_DATA PROVIDED_:
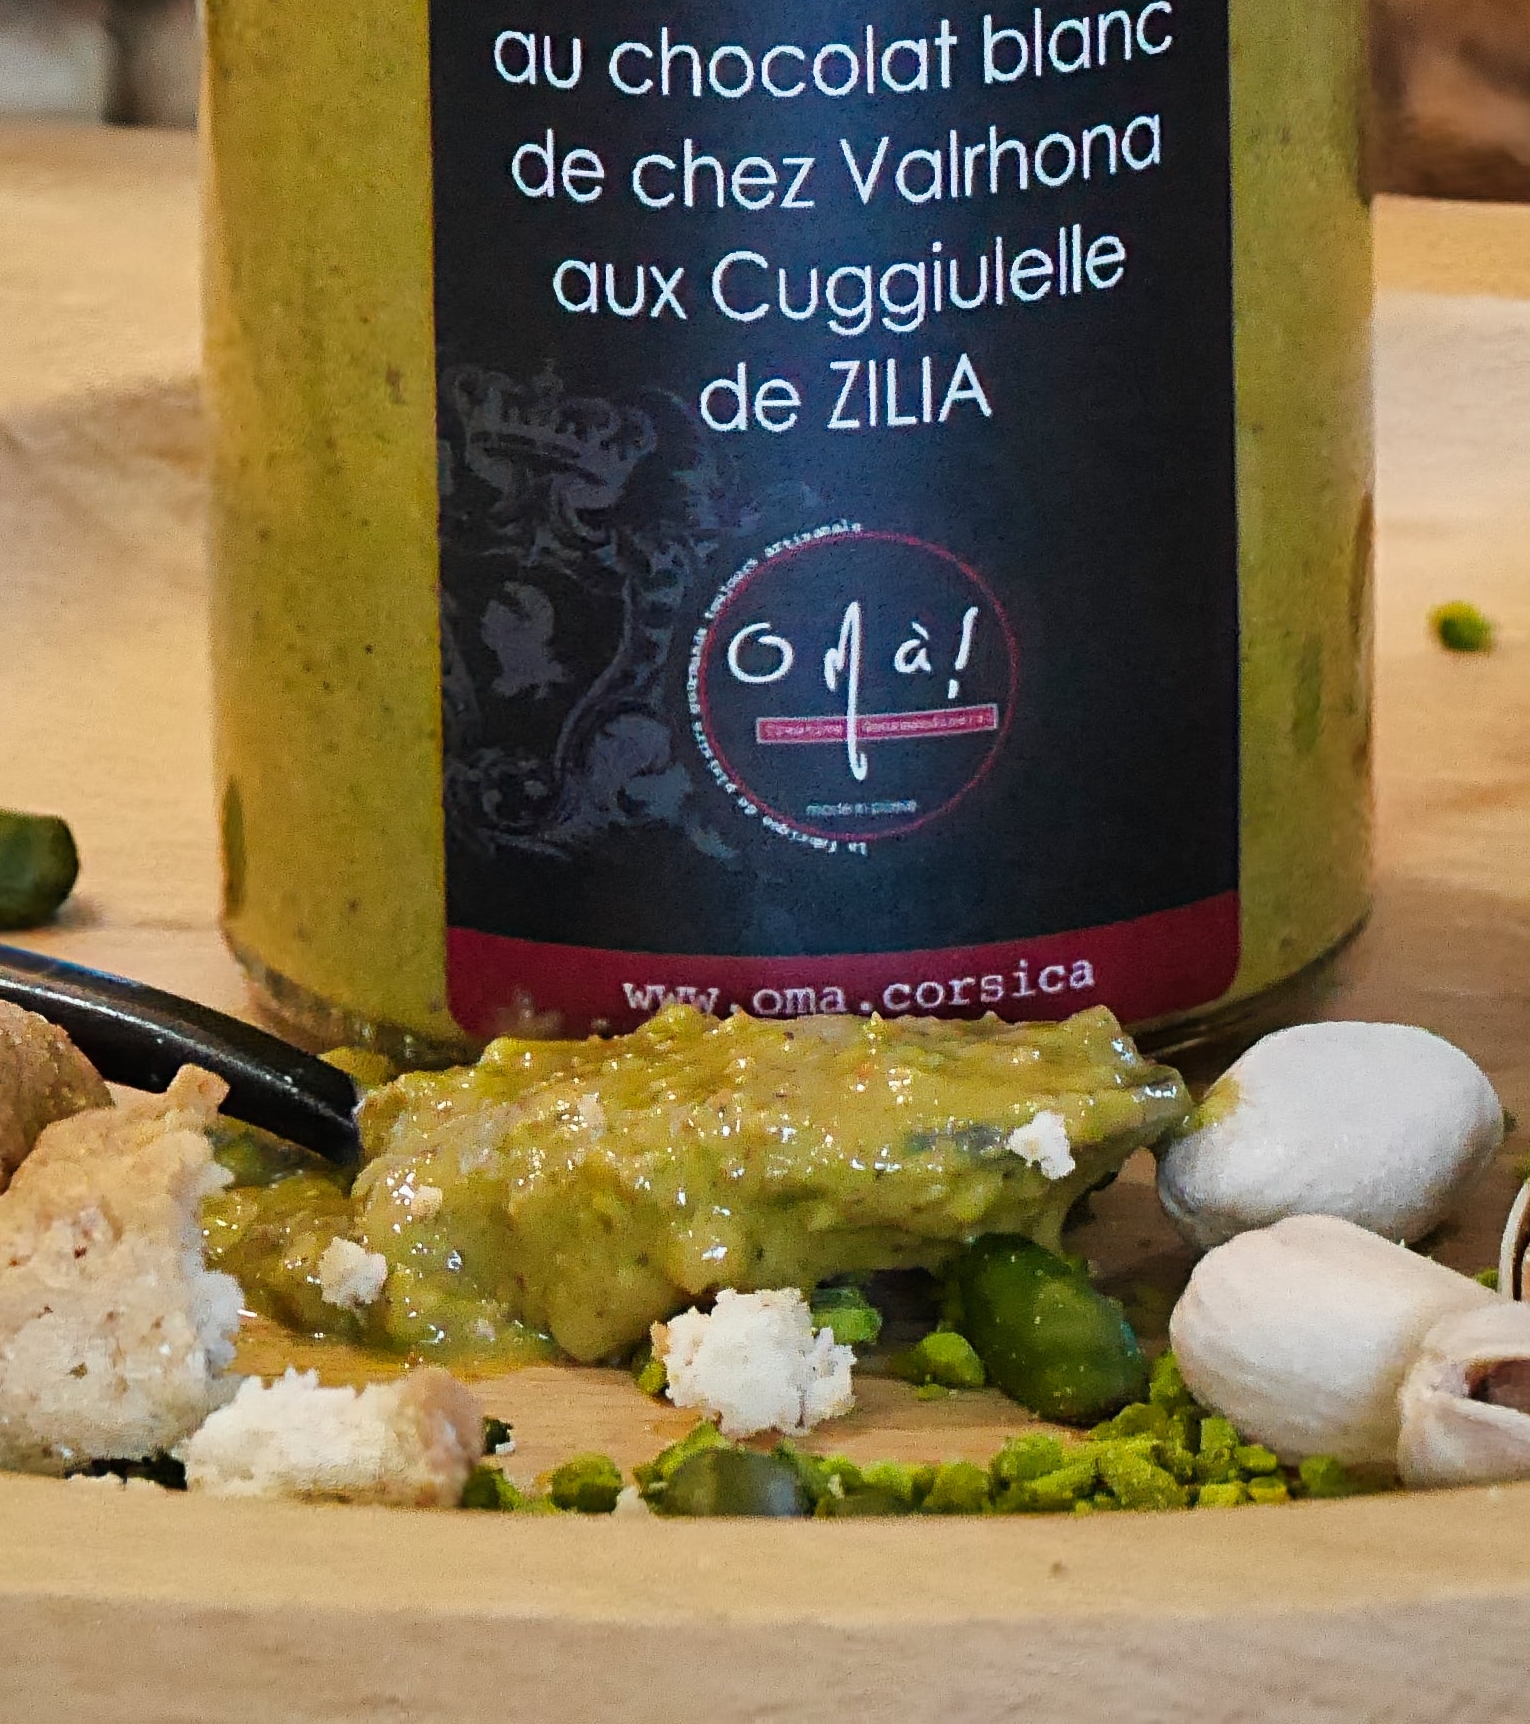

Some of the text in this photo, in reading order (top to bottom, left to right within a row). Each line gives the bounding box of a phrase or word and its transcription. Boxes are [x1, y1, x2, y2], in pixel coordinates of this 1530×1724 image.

[493, 0, 1173, 99] au chocolat blanc
[511, 114, 1161, 211] de chez Valrhona
[552, 223, 1126, 337] aux Cuggiulelle
[699, 352, 992, 433] de ZILIA
[622, 958, 1096, 1016] www.oma.corsica
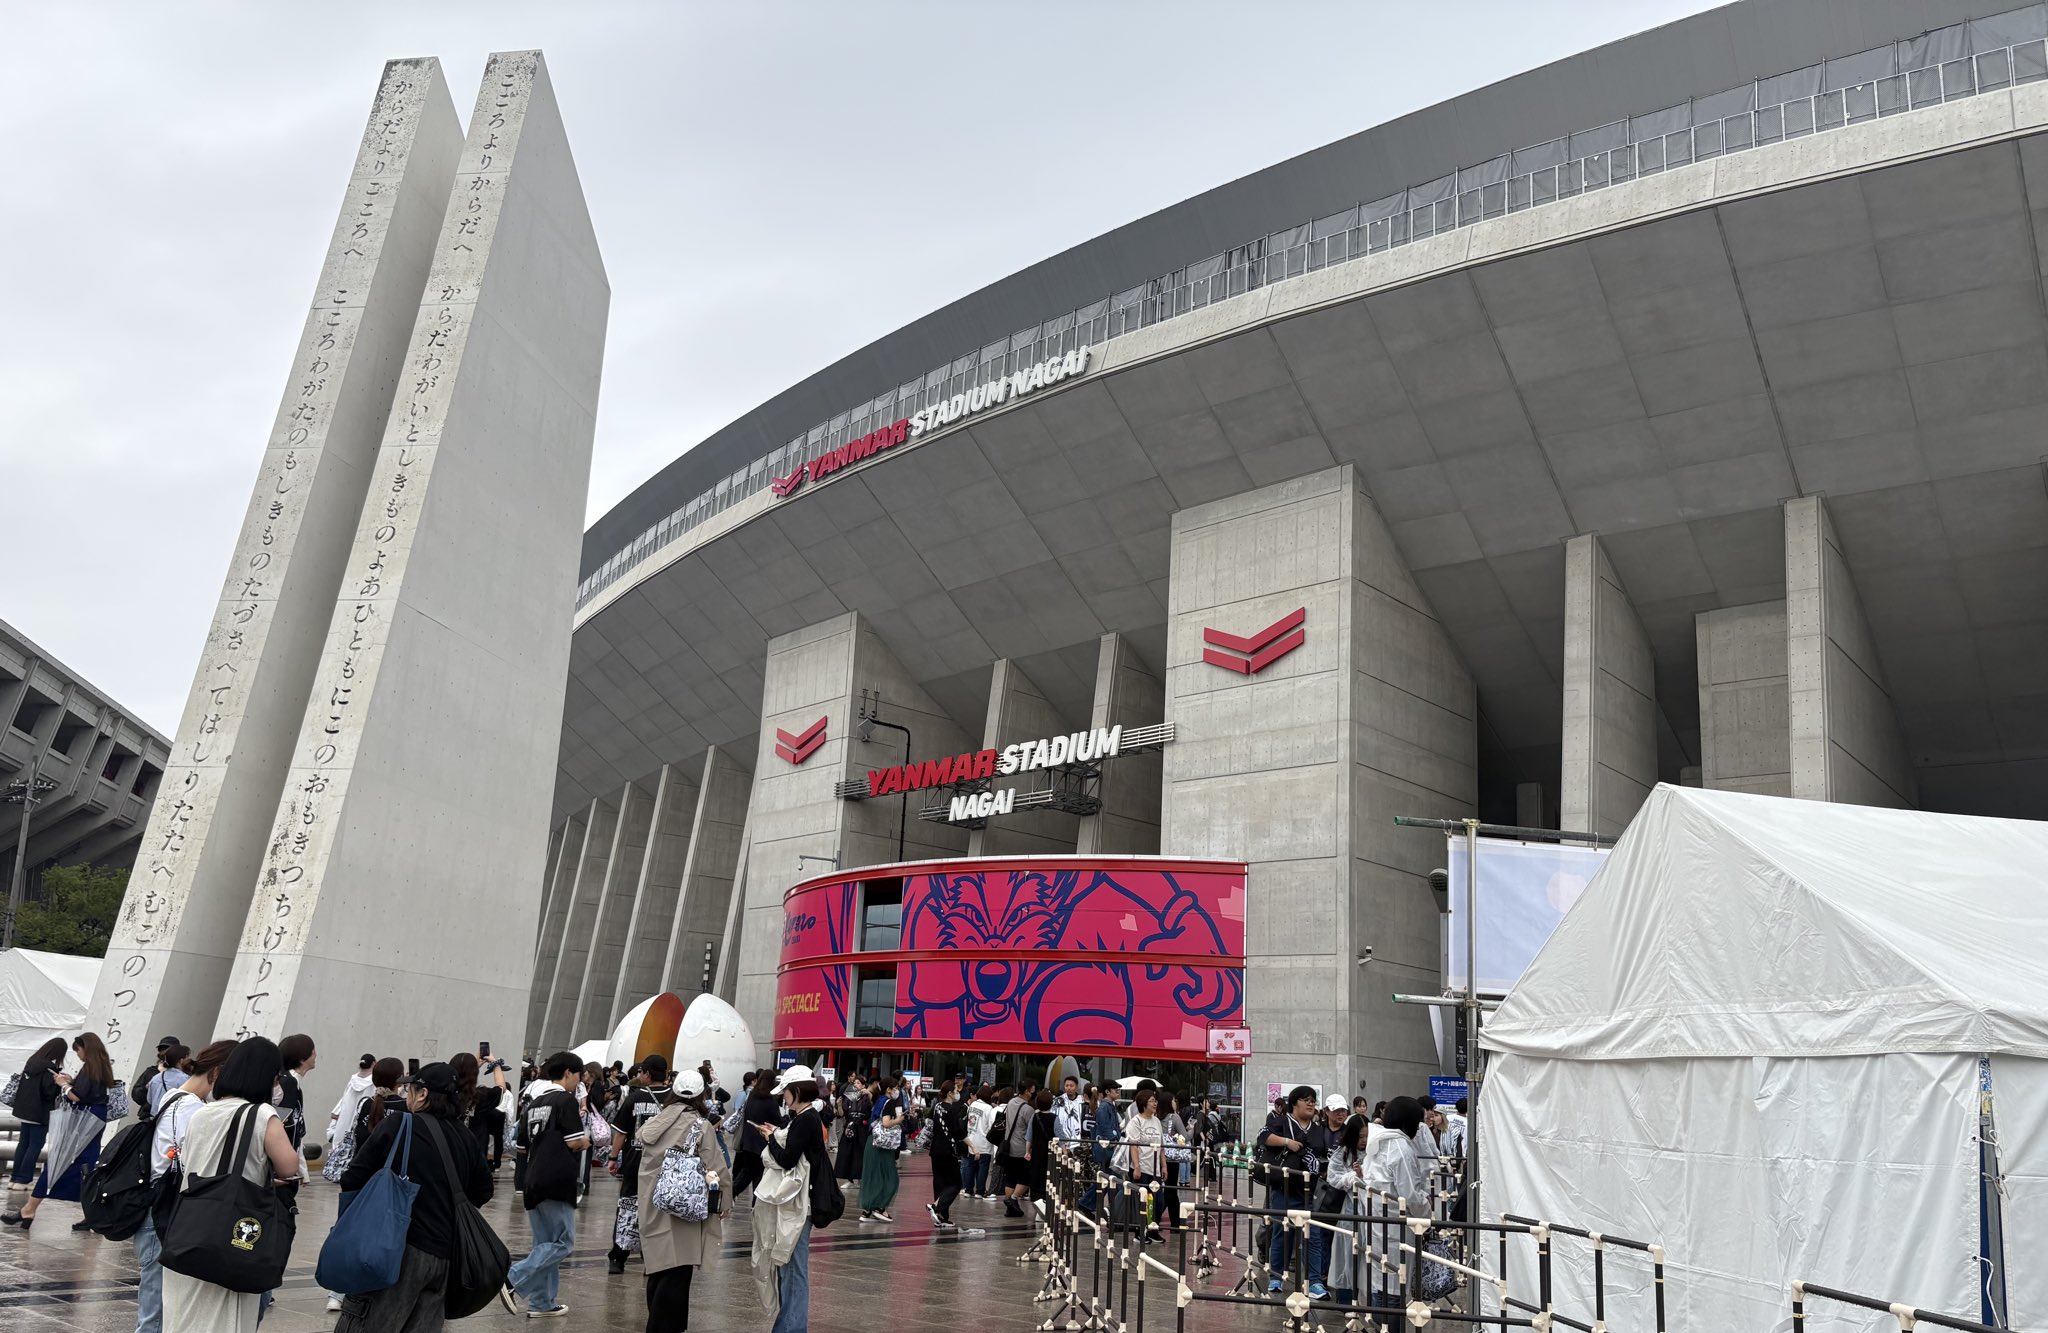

_YOUR GOAL_: Output the material word for word. Pictures do not go in.

_FINAL ANSWER_:
Some of the text in this photo, in reading order (top to bottom, left to right within a row). Each line gives the bounding box of a phrase or word and its transcription. Boxes are [x1, y1, x2, y2], in pixel coordinates of this 1530×1724 image.

[493, 0, 1173, 99] au chocolat blanc
[511, 114, 1161, 211] de chez Valrhona
[552, 223, 1126, 337] aux Cuggiulelle
[699, 352, 992, 433] de ZILIA
[622, 958, 1096, 1016] www.oma.corsica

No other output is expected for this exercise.